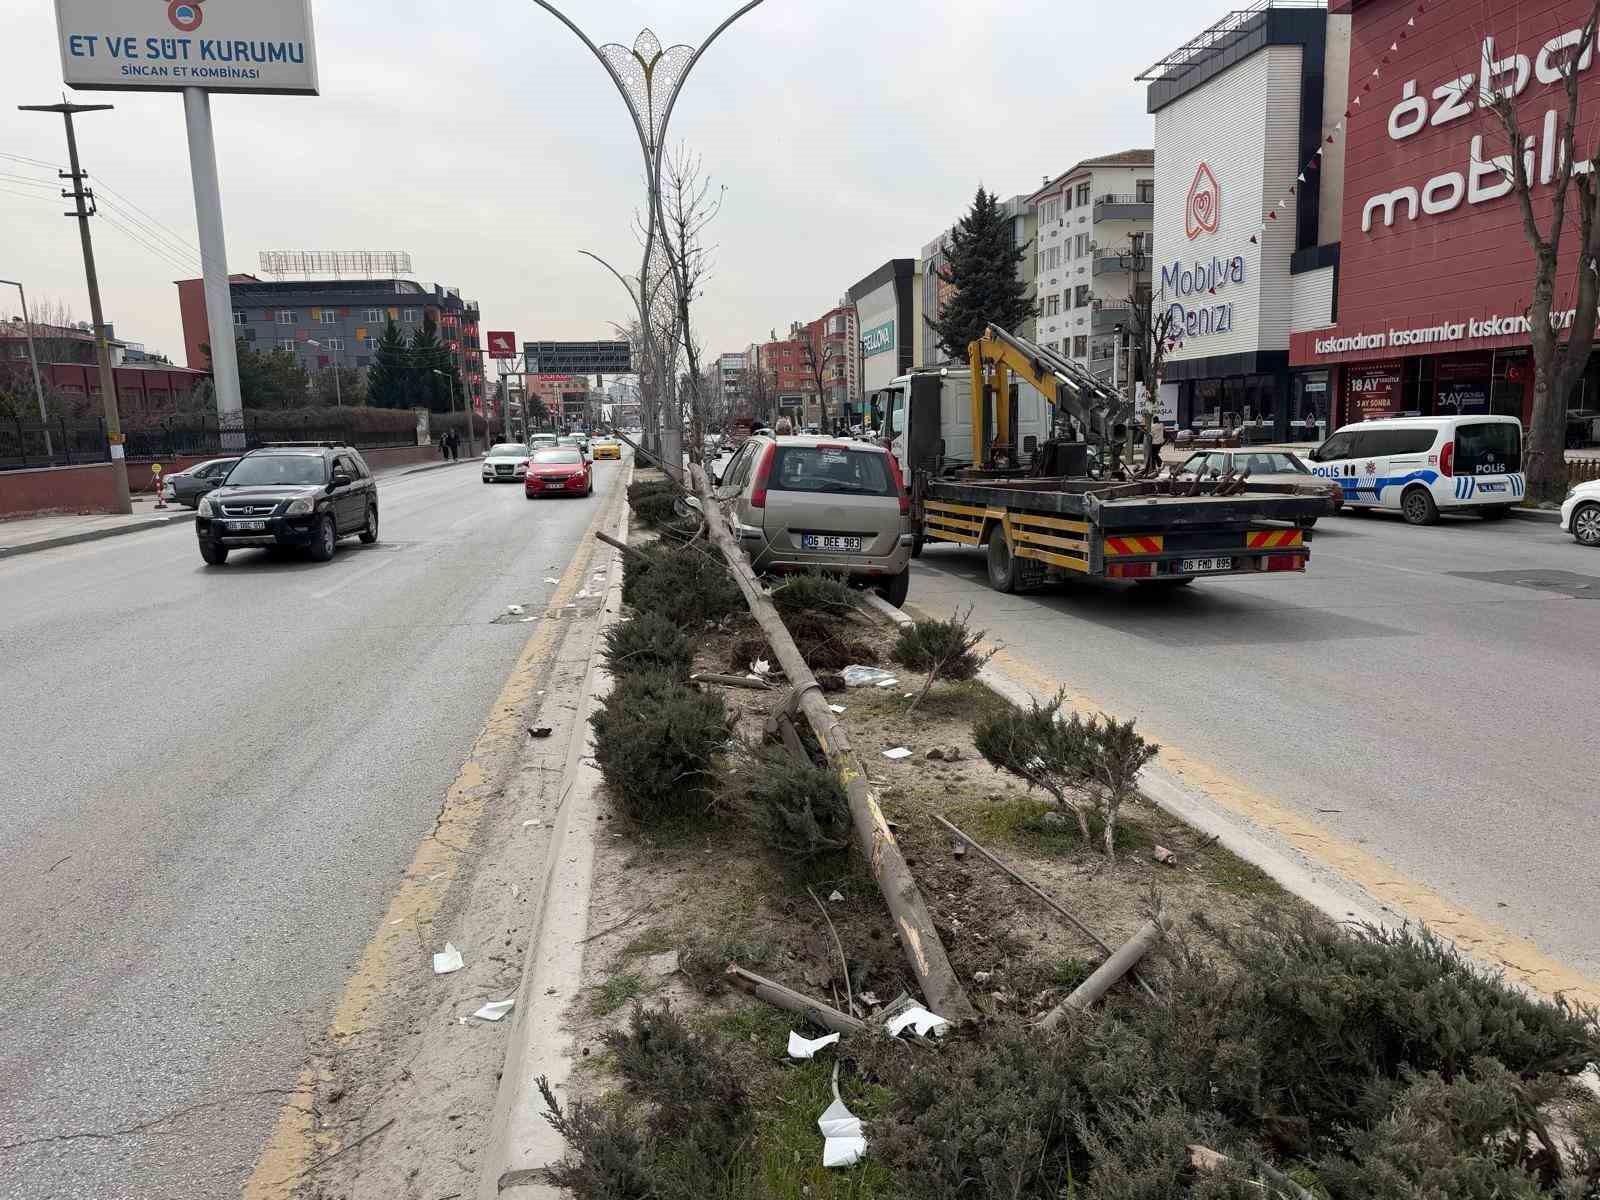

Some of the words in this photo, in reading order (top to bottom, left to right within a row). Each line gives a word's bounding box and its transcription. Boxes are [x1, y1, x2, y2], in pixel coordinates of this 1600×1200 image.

[69, 35, 98, 57] ET
[105, 36, 138, 58] VE
[146, 38, 191, 60] SÜT
[200, 39, 304, 64] KURUMU
[121, 64, 168, 77] SİNCAN
[173, 66, 188, 77] ET
[191, 66, 260, 79] KOMBİNASI
[1161, 255, 1244, 301] Mobilya
[1314, 332, 1386, 354] kıskandıran
[1389, 320, 1467, 346] tasarımlar
[1351, 379, 1363, 391] 18
[1363, 378, 1379, 391] AY
[808, 535, 818, 546] 06
[844, 537, 860, 548] 983
[1184, 560, 1193, 570] 06
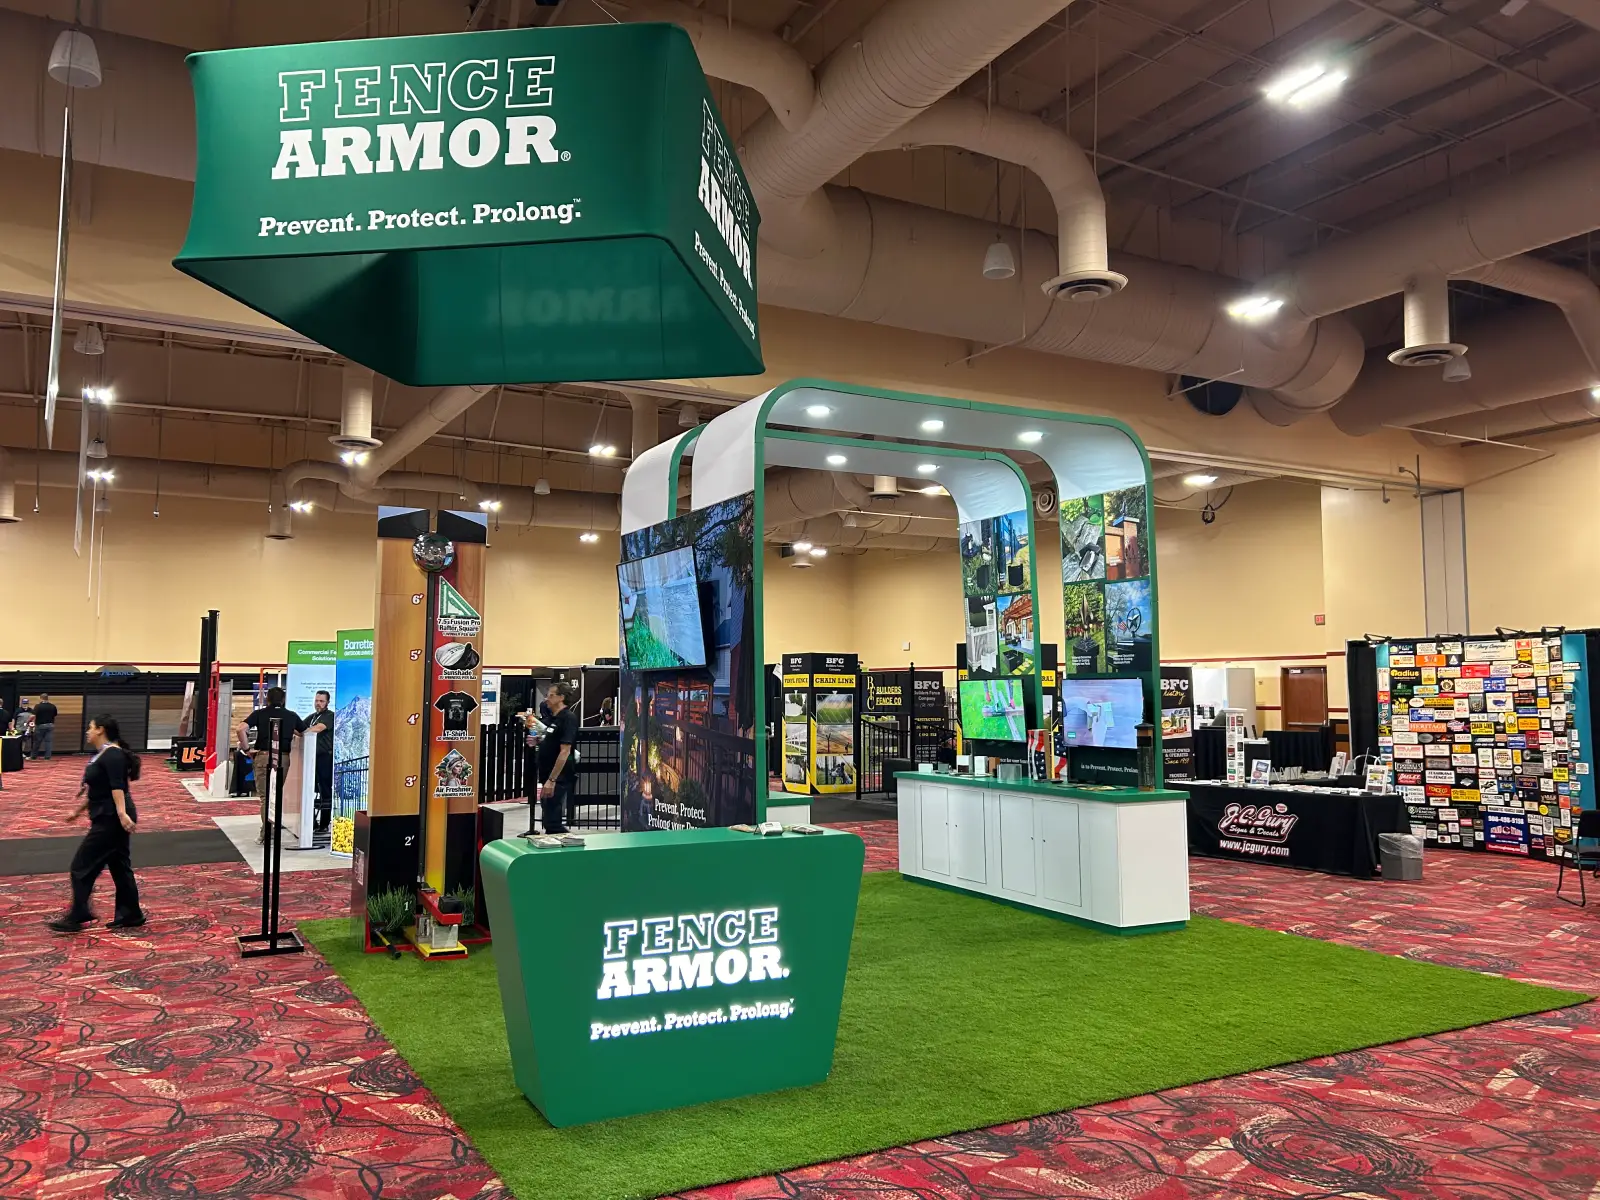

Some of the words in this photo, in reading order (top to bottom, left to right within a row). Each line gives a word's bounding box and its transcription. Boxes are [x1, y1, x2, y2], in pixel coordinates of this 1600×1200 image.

[278, 56, 555, 122] FENCE
[702, 97, 750, 241] FENCE
[258, 212, 361, 237] Prevent.
[368, 206, 466, 231] Protect.
[697, 155, 753, 291] ARMOR
[343, 639, 374, 650] Barrette
[876, 686, 902, 694] BUILDERS
[914, 680, 940, 690] BFC
[1160, 678, 1189, 691] BFC
[876, 696, 893, 705] FENCE
[893, 696, 902, 705] CO
[1163, 689, 1186, 705] history
[1090, 764, 1106, 772] Prevent,
[1107, 765, 1124, 773] Protect,
[655, 798, 679, 818] Prevent,
[680, 802, 706, 823] Protect,
[1229, 824, 1248, 834] Signs
[1249, 826, 1255, 834] &
[1257, 827, 1279, 837] Decals
[1219, 839, 1290, 857] www.jcgury.com
[602, 906, 778, 960] FENCE
[589, 1015, 662, 1041] Prevent.
[664, 1007, 727, 1031] Protect.

+++++

ACTIVITY: Since the pictures are not wanted, copy only the text of the records above, exactly.

TASK SOLUTION:
Some of the words in this photo, in reading order (top to bottom, left to right within a row). Each line gives a word's bounding box and its transcription. Boxes are [x1, y1, x2, y2], in pixel coordinates of this 1600×1200 image.

[69, 35, 98, 57] ET
[105, 36, 138, 58] VE
[146, 38, 191, 60] SÜT
[200, 39, 304, 64] KURUMU
[121, 64, 168, 77] SİNCAN
[173, 66, 188, 77] ET
[191, 66, 260, 79] KOMBİNASI
[1161, 255, 1244, 301] Mobilya
[1314, 332, 1386, 354] kıskandıran
[1389, 320, 1467, 346] tasarımlar
[1351, 379, 1363, 391] 18
[1363, 378, 1379, 391] AY
[808, 535, 818, 546] 06
[844, 537, 860, 548] 983
[1184, 560, 1193, 570] 06

Some of the words in this photo, in reading order (top to bottom, left to right within a row). Each line gives a word's bounding box and its transcription. Boxes are [x1, y1, x2, y2], in pixel coordinates of this 1600×1200 image.

[278, 56, 555, 122] FENCE
[702, 97, 750, 241] FENCE
[258, 212, 361, 237] Prevent.
[368, 206, 466, 231] Protect.
[697, 155, 753, 291] ARMOR
[343, 639, 374, 650] Barrette
[876, 686, 902, 694] BUILDERS
[914, 680, 940, 690] BFC
[1160, 678, 1189, 691] BFC
[876, 696, 893, 705] FENCE
[893, 696, 902, 705] CO
[1163, 689, 1186, 705] history
[1090, 764, 1106, 772] Prevent,
[1107, 765, 1124, 773] Protect,
[655, 798, 679, 818] Prevent,
[680, 802, 706, 823] Protect,
[1229, 824, 1248, 834] Signs
[1249, 826, 1255, 834] &
[1257, 827, 1279, 837] Decals
[1219, 839, 1290, 857] www.jcgury.com
[602, 906, 778, 960] FENCE
[589, 1015, 662, 1041] Prevent.
[664, 1007, 727, 1031] Protect.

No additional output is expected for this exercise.